Search code examples
sqlalgorithmrartificial-intelligencepattern-recognition

Which algorithm I can use to find common adjacent words/ pattern recognition?


I have a big table in my database with a lot of words from various texts in the text order. I want to find the number of times/frequency that some set of words appears together.

Example: Supposing I have this 4 words in many texts: United | States | of | America. I will get as result:

United States: 50
United States of: 45
United States of America: 40

(This is only an example with 4 words, but can there are with less and more than 4).

There is some algorithm that can do this or similar to this?

Edit: Some R or SQL code showing how to do is welcome. I need a practical example of what I need to do.

Table Structure

I have two tables: Token which haves id and text. The text is is UNIQUE and each entrance in this table represents a different word.

TextBlockHasToken is the table which keeps the text order. Each row represents a word in a text.

It haves textblockid that is the block of the text the token belongs. sentence that is the sentence of the token, position that is the token position inside the sentence and tokenid that is the token table reference.


Solution

  • It is called an N-gram; in your case a 4-gram. It can indeed be obtained as the by-product of a Markov-chain, but you could also use a sliding window (size 4) to walk through the (linear) text while updating a 4-dimensionsal "histogram".

    UPDATE 2011-11-22: A markov chain is a way to model the probability of switching to a new state, given the current state. This is the stochastic equivalent of a "state machine". In the natural language case, the "state" is formed by the "previous N words", which implies that you consider the prior probability (before the previous N words) as equal_to_one. Computer people will most likely use a tree for implementing Markov chains in the NLP case. The "state" is simply the path taken from the root to the current node, and the probabilities of the words_to_follow are the probabilities of the current node's offspring. But every time that we choose a new child node, we actually shift down the tree, and "forget" the root node, out window is only N words wide, which translates to N levels deep into the tree.
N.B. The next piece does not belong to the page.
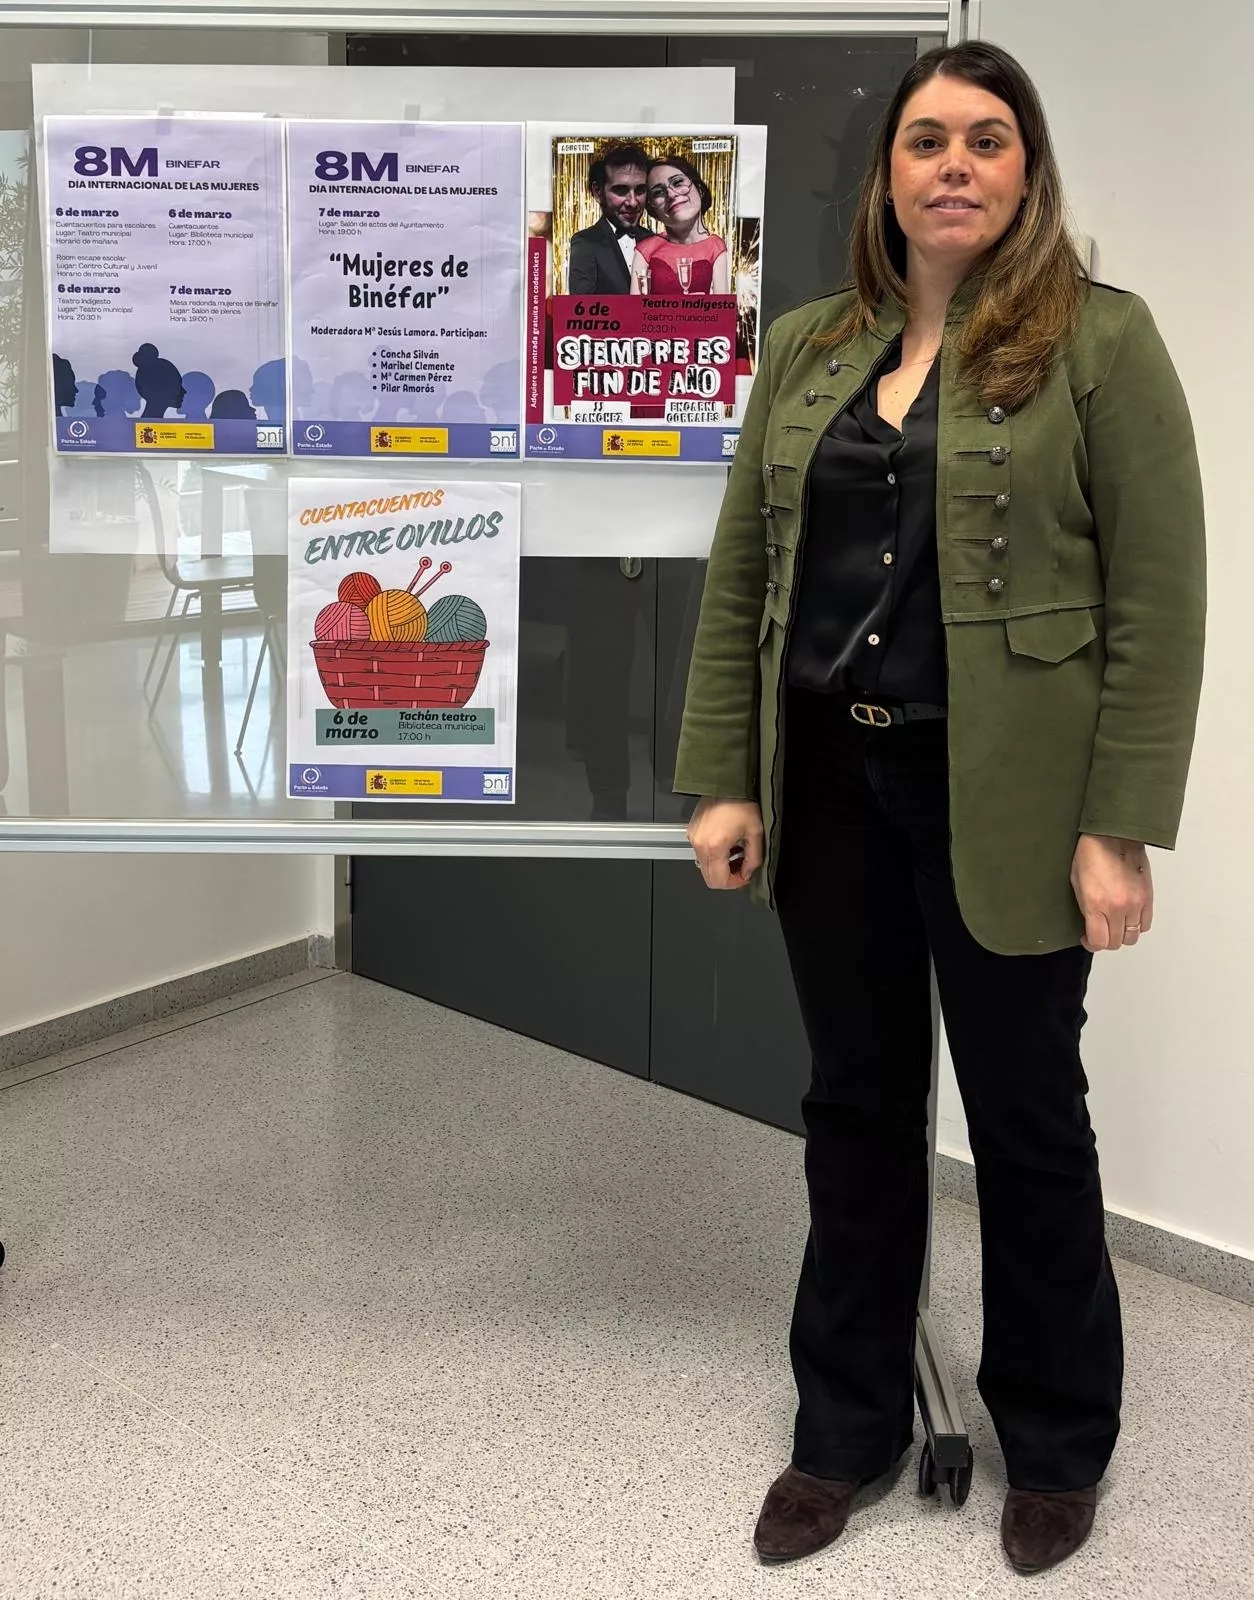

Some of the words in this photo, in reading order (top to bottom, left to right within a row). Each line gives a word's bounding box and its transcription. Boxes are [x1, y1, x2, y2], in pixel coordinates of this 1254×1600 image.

    You can easily see that if you are walking a Markov chain/tree like this, at any time the probability before the first word is 1, the probability after the first word is P(w1), after the second word = P(w2) || w1, etc. So, when processing the corpus you build a Markov tree ( := update the frequencies in the nodes), at the end of the ride you can estimate the probability of a given choice of word by freq(word) / SUM(freq(siblings)). For a word 5-deep into the tree this is the probability of the word, given the previous 4 words. If you want the N-gram probabilities, you want the product of all the probabilities in the path from the root to the last word.